**TO DO**
The reply should contain every line of the data, repeated exactly, and no pictures.

**PROVIDED RECORDS**
╔══

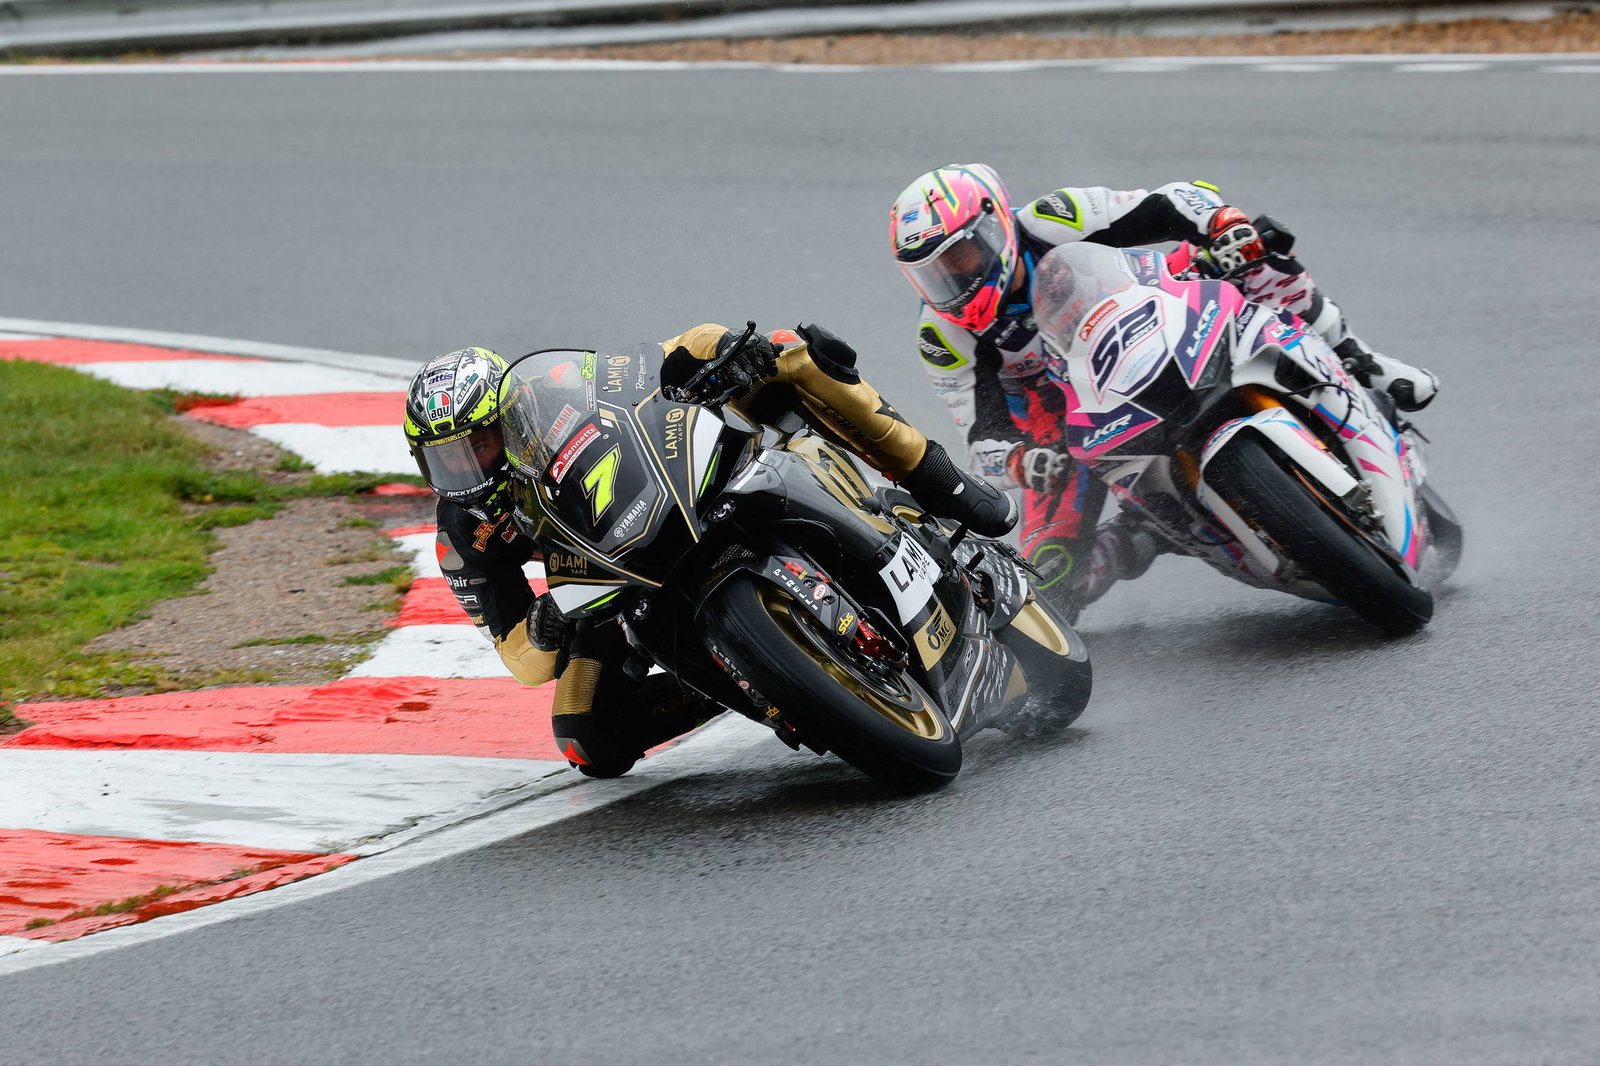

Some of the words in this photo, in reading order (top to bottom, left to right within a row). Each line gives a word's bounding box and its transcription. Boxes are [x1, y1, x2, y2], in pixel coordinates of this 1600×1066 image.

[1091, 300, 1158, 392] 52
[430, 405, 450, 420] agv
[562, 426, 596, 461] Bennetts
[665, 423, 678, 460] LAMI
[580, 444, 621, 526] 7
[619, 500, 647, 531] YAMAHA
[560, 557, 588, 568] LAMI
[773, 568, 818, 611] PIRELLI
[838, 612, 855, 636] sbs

╚══

**WRITTEN REPLY**
Some of the words in this photo, in reading order (top to bottom, left to right within a row). Each line gives a word's bounding box and its transcription. Boxes are [x1, y1, x2, y2], in pixel coordinates of this 1600×1066 image.

[1091, 300, 1158, 392] 52
[430, 405, 450, 420] agv
[562, 426, 596, 461] Bennetts
[665, 423, 678, 460] LAMI
[580, 444, 621, 526] 7
[619, 500, 647, 531] YAMAHA
[560, 557, 588, 568] LAMI
[773, 568, 818, 611] PIRELLI
[838, 612, 855, 636] sbs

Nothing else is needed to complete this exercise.